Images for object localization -
━━━━━━━━━━━━━━━━━━━━

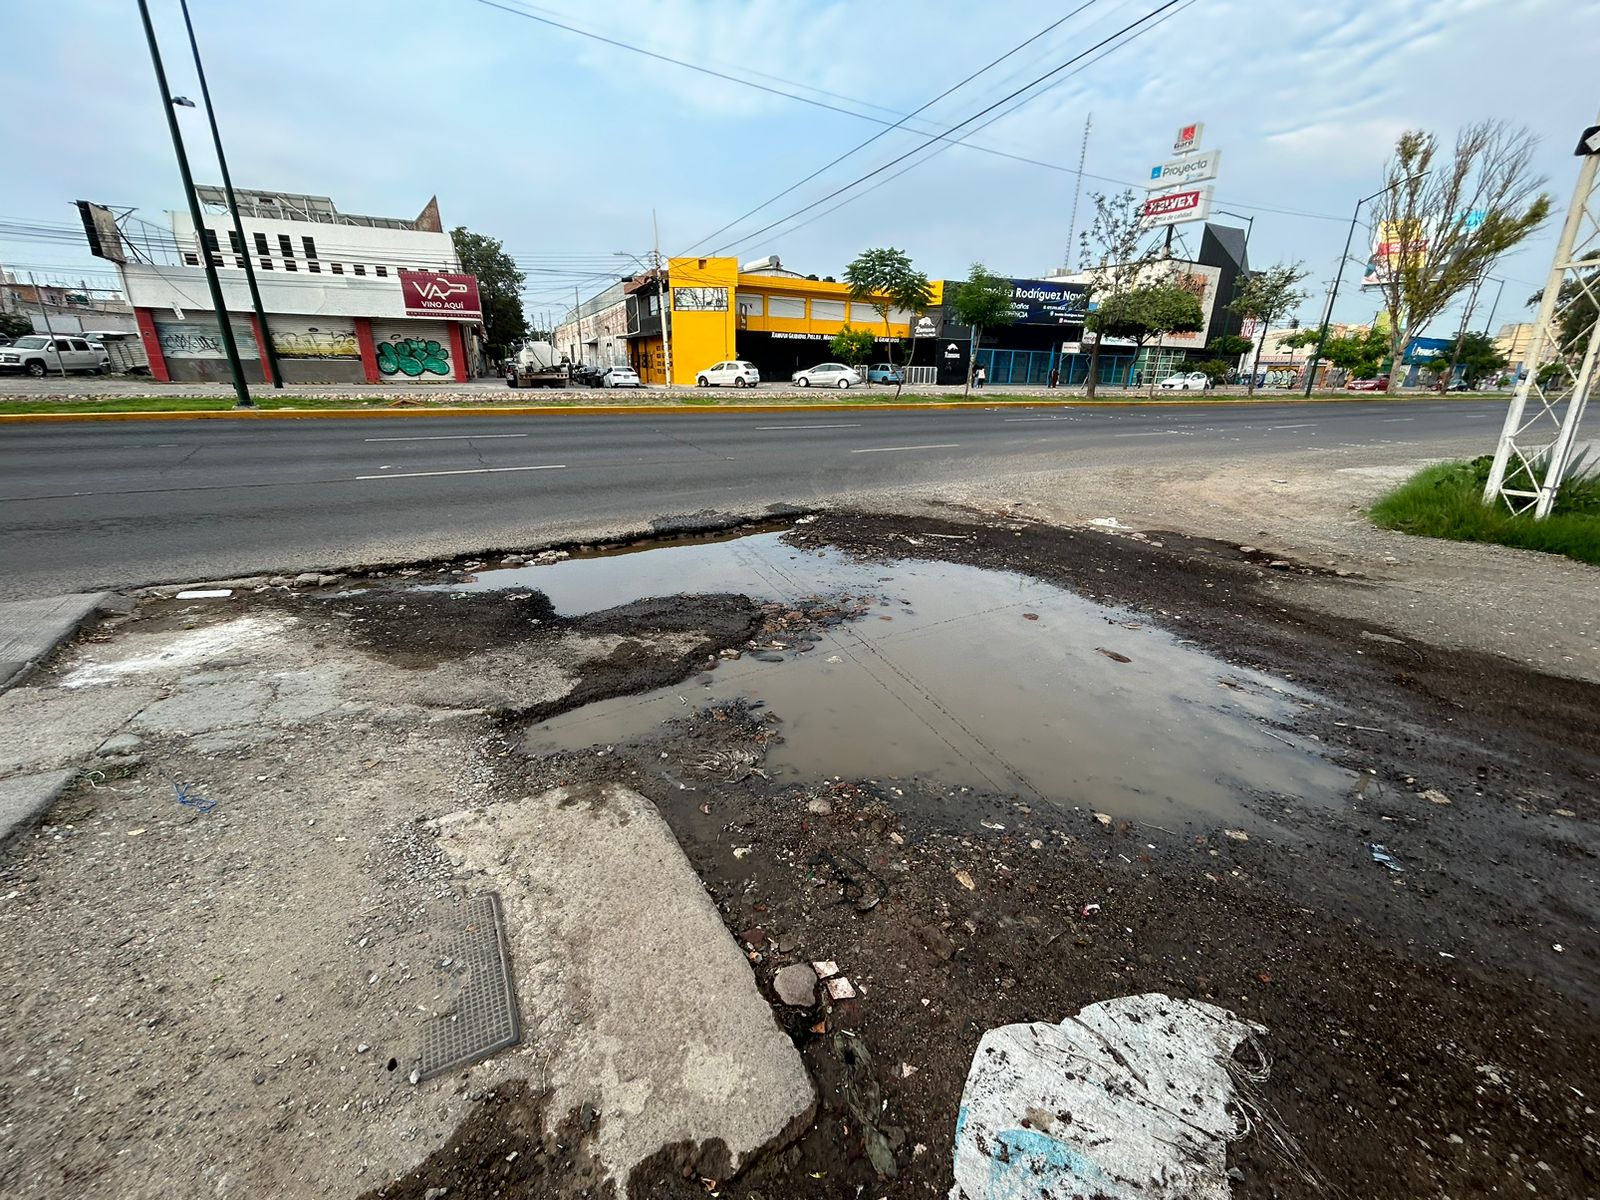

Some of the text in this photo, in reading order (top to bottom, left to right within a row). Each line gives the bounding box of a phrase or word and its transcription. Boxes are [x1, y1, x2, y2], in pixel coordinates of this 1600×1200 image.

[1162, 160, 1208, 177] Proyecta
[1015, 287, 1061, 301] Rodríguez
[420, 300, 464, 309] VINO AQUÍ
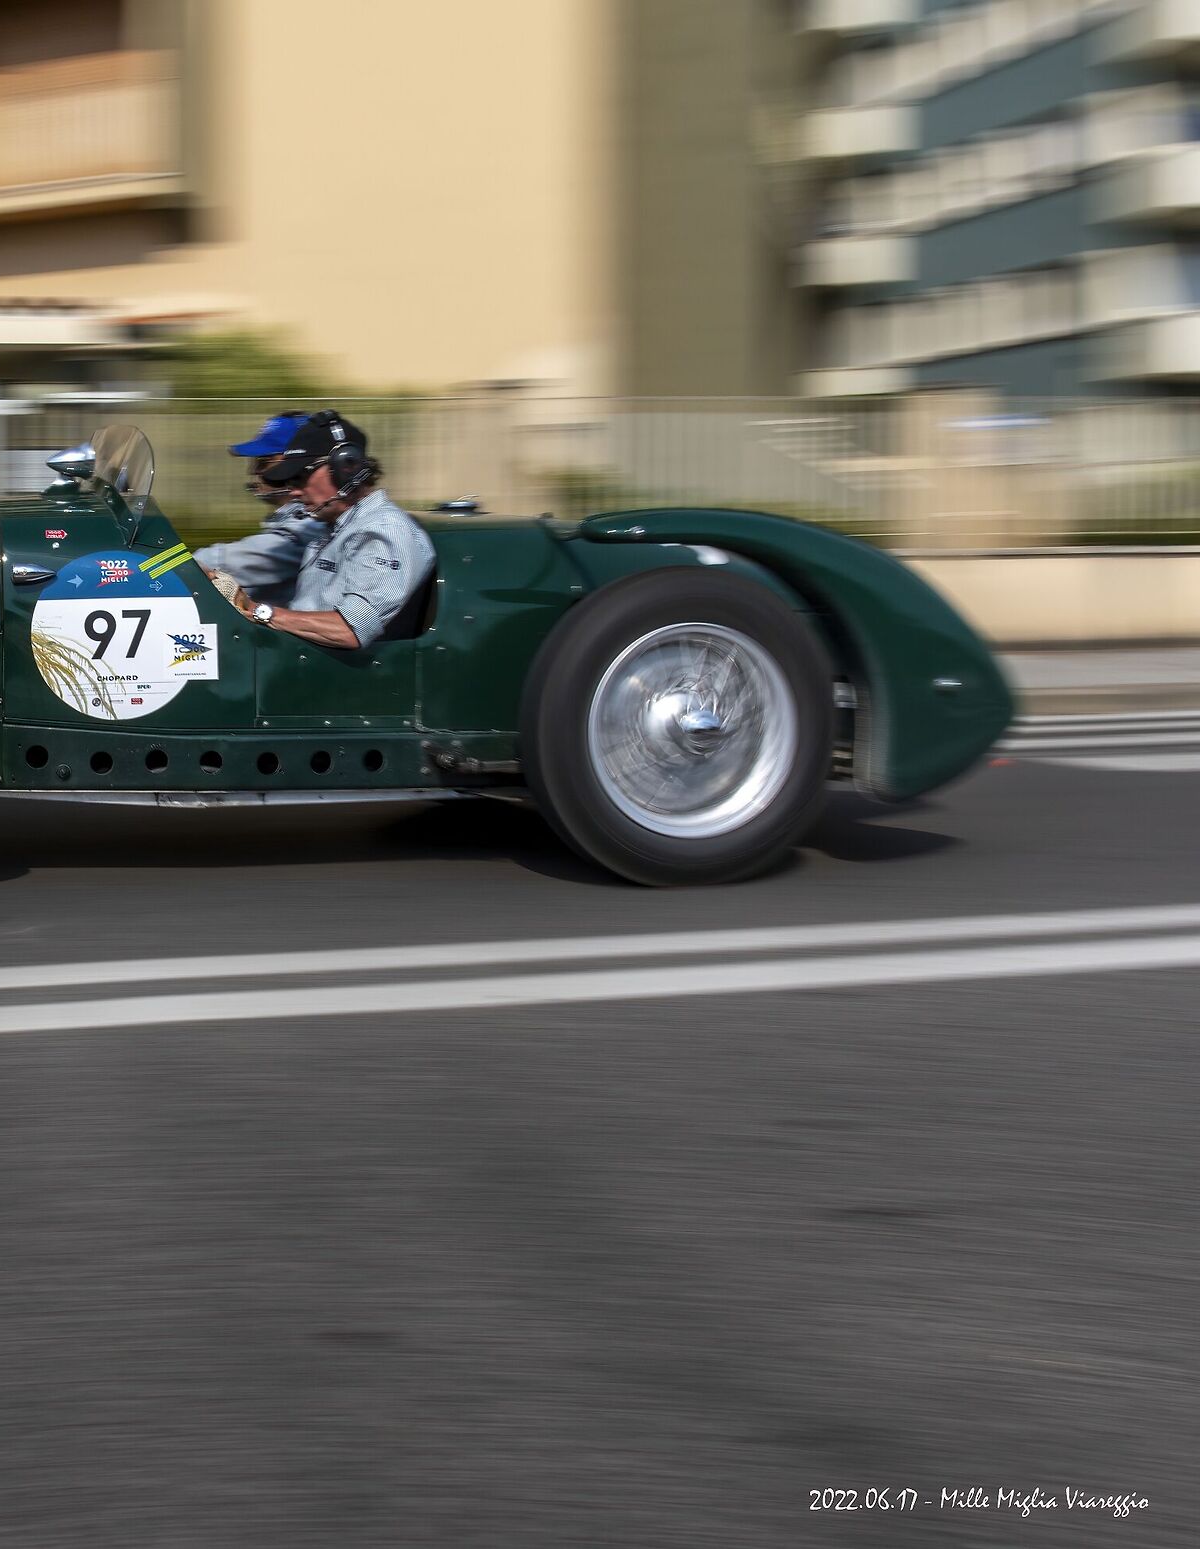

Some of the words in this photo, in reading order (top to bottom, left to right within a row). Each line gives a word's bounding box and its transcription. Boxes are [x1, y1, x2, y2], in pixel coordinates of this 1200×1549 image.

[100, 559, 128, 570] 2022
[84, 609, 151, 660] 97
[174, 634, 205, 645] 2022

━━━━━━━━━━━━━━━━━━━━

Write out every line above exactly, minus images.

Some of the text in this photo, in reading order (top to bottom, left to right within a row). Each line gives the bounding box of a phrase or word and its transcription. Boxes are [x1, y1, x2, y2], in pixel coordinates of this 1600×1200 image.

[1162, 160, 1208, 177] Proyecta
[1015, 287, 1061, 301] Rodríguez
[420, 300, 464, 309] VINO AQUÍ

Some of the words in this photo, in reading order (top to bottom, left to right within a row). Each line gives a word's bounding box and its transcription. Boxes are [x1, y1, x2, y2], in pixel coordinates of this 1200×1549 image.

[100, 559, 128, 570] 2022
[84, 609, 151, 660] 97
[174, 634, 205, 645] 2022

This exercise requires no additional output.